The real-time transcription script implements the exact algorithm described above and renders a live, grouped transcript in the terminal. It demonstrates the complete flow from REST bootstrap through WebSocket updates with proper deduplication and speaker merging.

Complete Implementation

The real-time transcription script (testing/ws_realtime_transcription.py) serves as a complete reference implementation of this WebSocket protocol.

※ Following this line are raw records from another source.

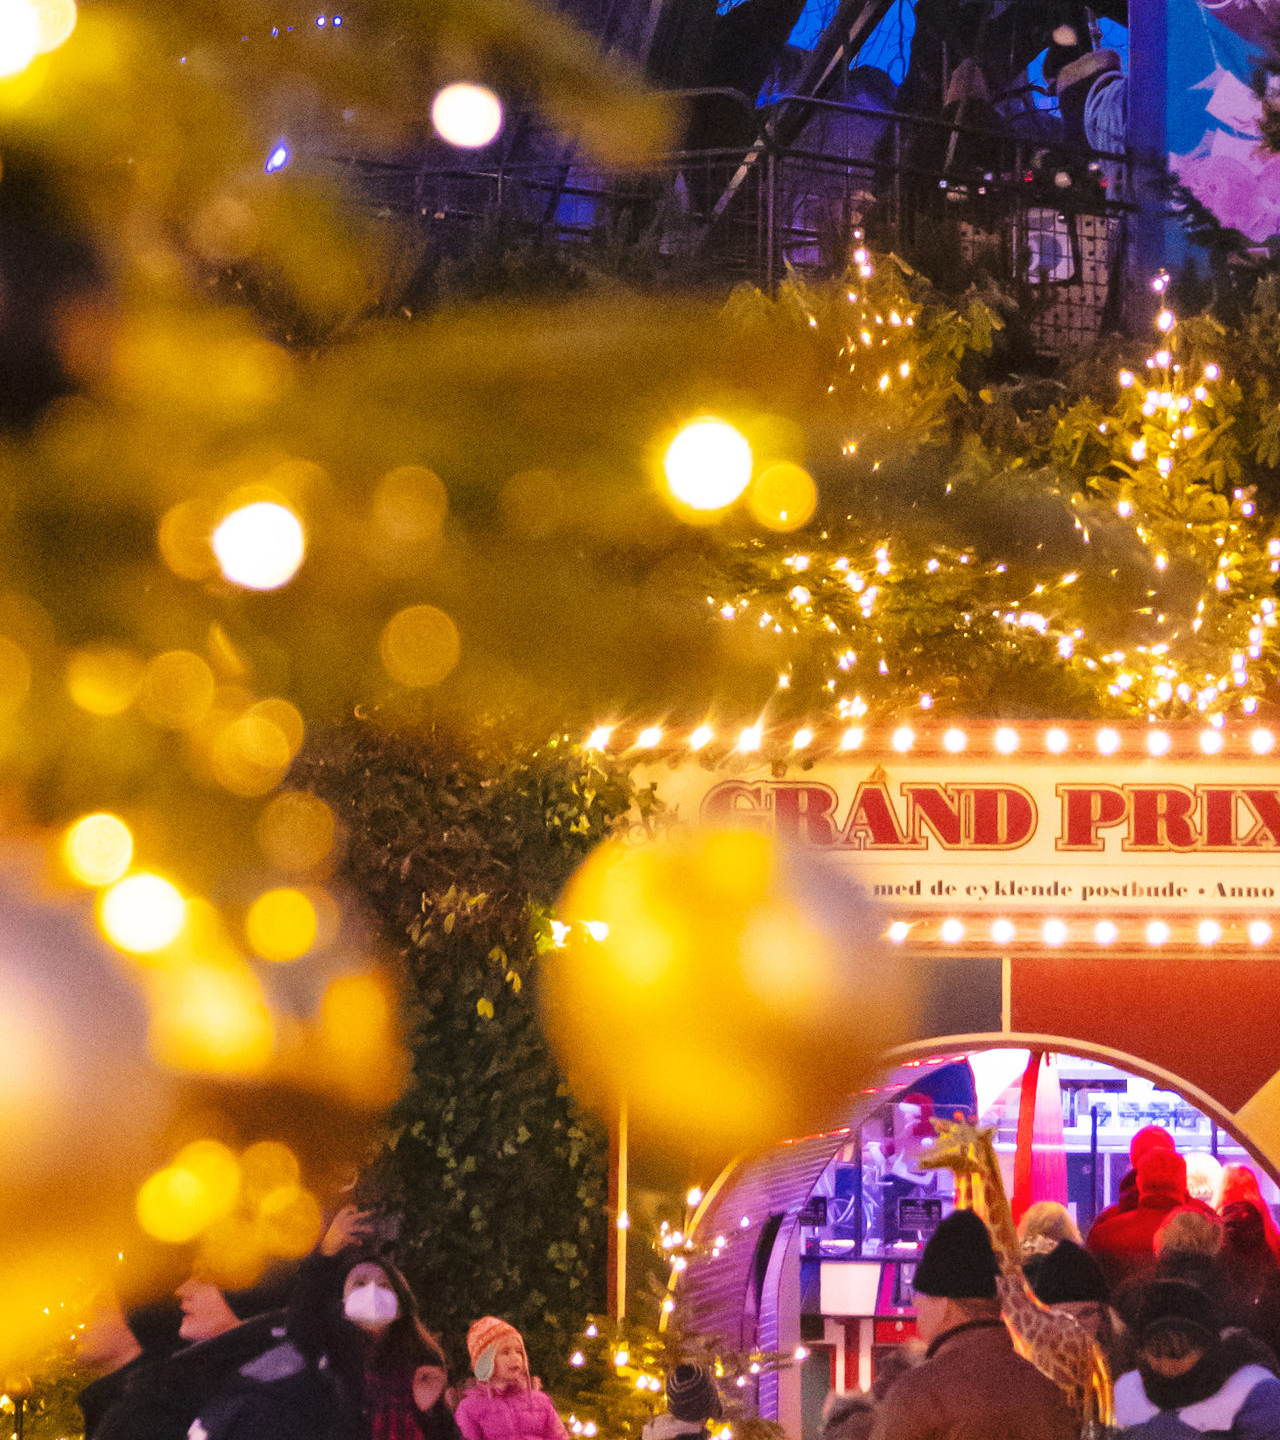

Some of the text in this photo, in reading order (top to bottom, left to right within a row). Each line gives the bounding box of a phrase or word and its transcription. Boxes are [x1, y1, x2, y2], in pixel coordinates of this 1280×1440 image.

[699, 779, 1039, 852] GRAND
[873, 880, 921, 896] med
[930, 880, 957, 896] de
[965, 880, 1073, 901] cyklende
[1081, 881, 1188, 901] postbude
[1211, 881, 1275, 898] Anno

It demonstrates:

  1. REST API Bootstrap: Fetching initial transcript data
  2. WebSocket Connection: Proper authentication and subscription
  3. Message Processing: Handling all WebSocket event types
  4. Data Deduplication: Merging segments by absolute_start_time with updated_at precedence
  5. Speaker Grouping: Combining consecutive segments by speaker
  6. Live Rendering: Full re-render strategy with ANSI escape codes
  7. Error Handling: Graceful handling of connection issues

The script includes comprehensive comments explaining each step of the algorithm, making it a valuable reference for implementing real-time WebSocket transcription clients in other languages.

Raw Debug Mode

Use the --raw flag to debug WebSocket message flow:

  1. Display raw JSON frames in terminal with RAW: prefix
  2. Log all messages to testing/logs/ws_raw.log

Log file location: testing/logs/ws_raw.log (single file, appends all runs)

Example log file line:

2025-10-04T14:50:35.101823 - {"type": "transcript.mutable", "meeting": {"platform": "google_meet", "native_id": "tys-tztv-nrj"}, "payload": {"segments": [...]}, "ts": "2025-10-04T11:50:35.100142+00:00"}

Use these logs to verify message structure, timing, and payload formats for your implementation.